Toasts are probably my favorite part of drinking, mostly because I like to think I’m drinking for a cause or a purpose. Am I drinking because I had a rough day? Of course not! I’m drinking to my good friend’s health! As long as her health doesn’t include her liver!
But toasts aren’t just pointing at a random person and then drinking in their honor or to their health. They’re an art form. One that civilizations have been perfecting for thousands of years. Here’s a list of some of the better toasts that go beyond the typical salud and sláinte and simple tributes to health.
Sant Hilari, Sant Hilari, fill de puta qui no se l’acabi. The first part is a reference to the Catalonian Saint and martyr Jaime Hilario Barbal, and the second basically translates to, “Whoever doesn’t finish their glass is a bastard/son of a whore.”
Bunden i vejret eller resten i håret is a fantastic Danish cheer meaning, “Bottoms up or the rest in your hair.” More toasts need to be in the form of direct threats.
The English naturally have a ton of toasts, but one of the most inexplicably weird is “Here’s mud in your eye!” The origin may be a reference to trench warfare, horse racing, farming, Biblical faith-healing, or simply the sediment in the bottom of a drink. No one’s quite sure. But, hey, they say it anyway.
Hau weg die schiesse. Basically, “Away with that shit.” Bravo, Germany.
If you’re going to use the classic Celtic toast, sláinte, try this variant: Sláinte bradán bod mór agus bás in Eireann. It basically means, “To having the health of a salmon, a large penis, and a death in Ireland.” Another worthwhile toast of Irish origin is Jonathan Swift’s, “May you live all the days of your life.”
Kanpai! While this is basically just the equivalent of “Cheers!” the direct translation is “Dry the cup.” It can also mean complete defeat or annihilation, which may be the most fitting toast I’ve ever heard. The Japanese may also say Otsukaresama deshita, meaning, “You’re tired,” or Ikkinomi, meaning, “Drink it in one breath.”
Salud y amor y tiempo para disfrutarlo.
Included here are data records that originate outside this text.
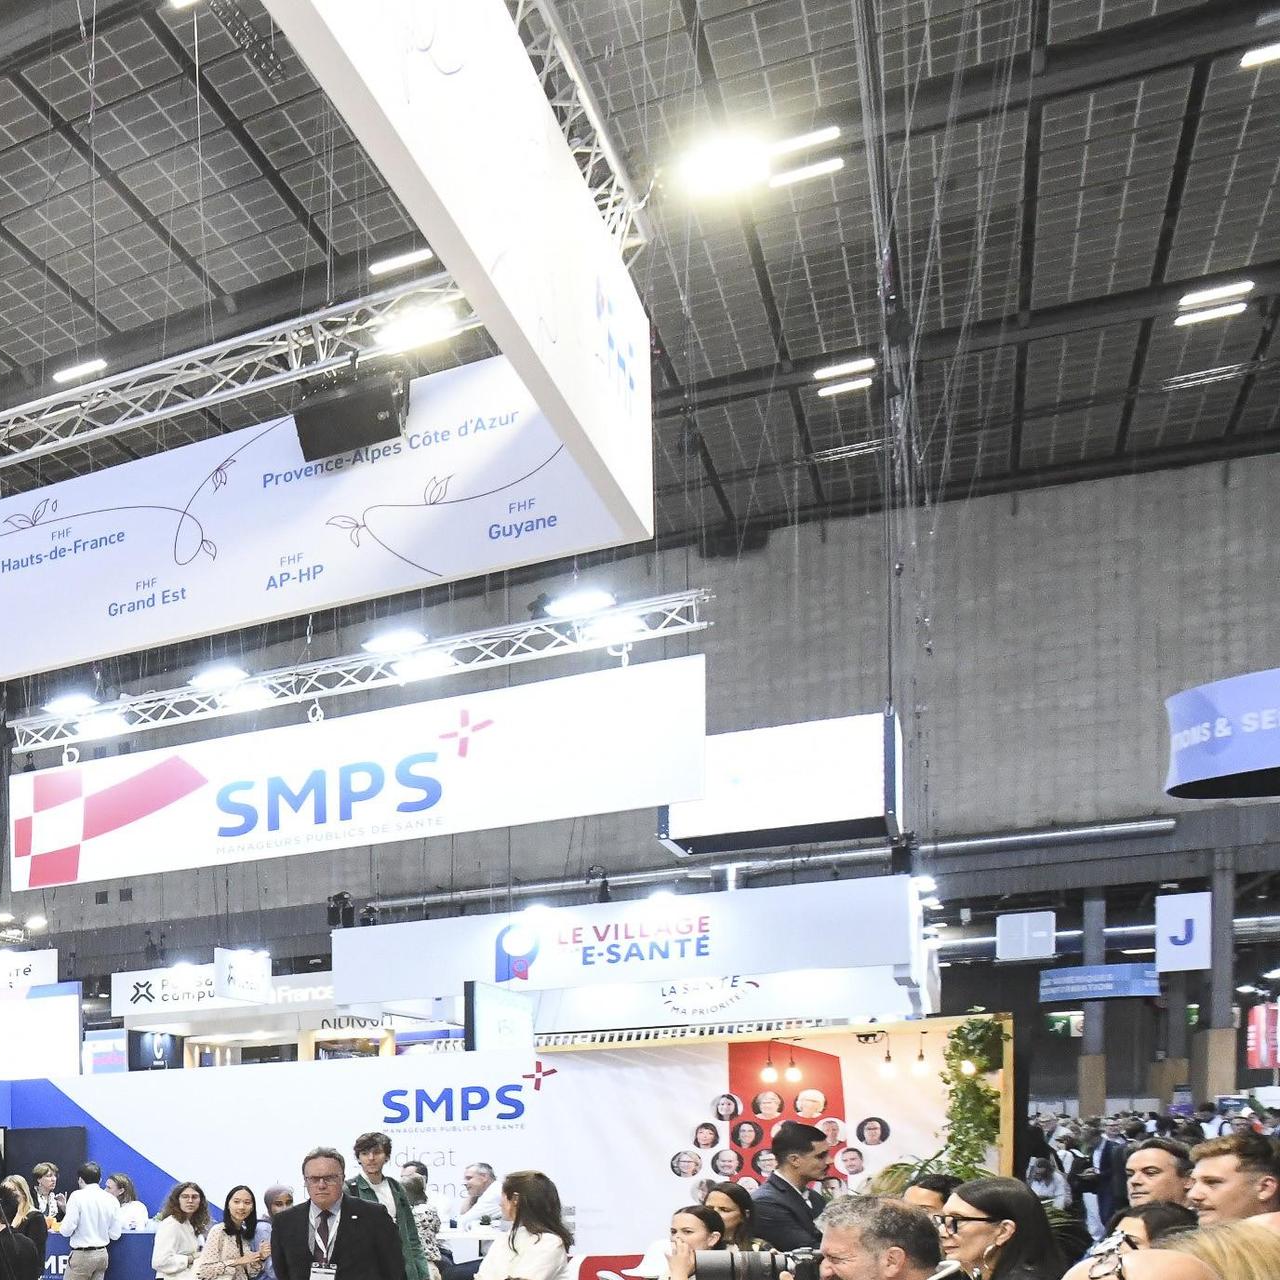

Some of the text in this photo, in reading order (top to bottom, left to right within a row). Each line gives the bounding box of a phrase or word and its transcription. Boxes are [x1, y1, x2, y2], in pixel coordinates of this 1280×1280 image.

[262, 409, 520, 488] Provence-Alpes Côte d'Azur
[508, 498, 536, 514] FHF
[51, 526, 72, 541] FHF
[488, 513, 559, 540] Guyane
[1, 529, 126, 574] Hauts-de-France
[279, 552, 305, 568] FHF
[135, 577, 158, 592] FHF
[265, 563, 325, 591] AP-HP
[107, 586, 187, 617] Grand Est
[1214, 717, 1233, 738] &
[1242, 707, 1280, 733] SE
[215, 752, 443, 838] SMPS
[216, 836, 302, 855] MANAGEURS
[306, 828, 365, 843] PUBLICS
[371, 824, 390, 834] DE
[557, 915, 711, 945] LE VILLAGE
[1169, 918, 1195, 946] J
[581, 934, 711, 966] E-SANTÉ
[661, 985, 677, 997] LA
[382, 1084, 526, 1124] SMPS
[383, 1126, 437, 1134] MANAGEURS
[496, 1121, 526, 1130] SANTÉ
[393, 1146, 457, 1169] dicat
[44, 1255, 70, 1275] MP
Translation: “Health and love and time to enjoy it.”
The Zulu variant on “Cheers!” just means “Cheers!” but it gets on this list simply because of how amazing it is: Oogy wawa
A popular one in Spain (I’ve heard it used in several other Spanish-speaking countries) is Arriba! Abajo! Al centro! Al dentro! and has accompanying actions: Arriba! or “Up!” and you lift your glasses up. Abajo! or “Down!” and you touch your glasses to the table. Al centro! or “To the center!” and you all tap your glasses in the center. And Al dentro! or “To the inside!” and you down the drink.
And if these don’t work, you can always go for the classic, “Fuckin’ get it in ya.”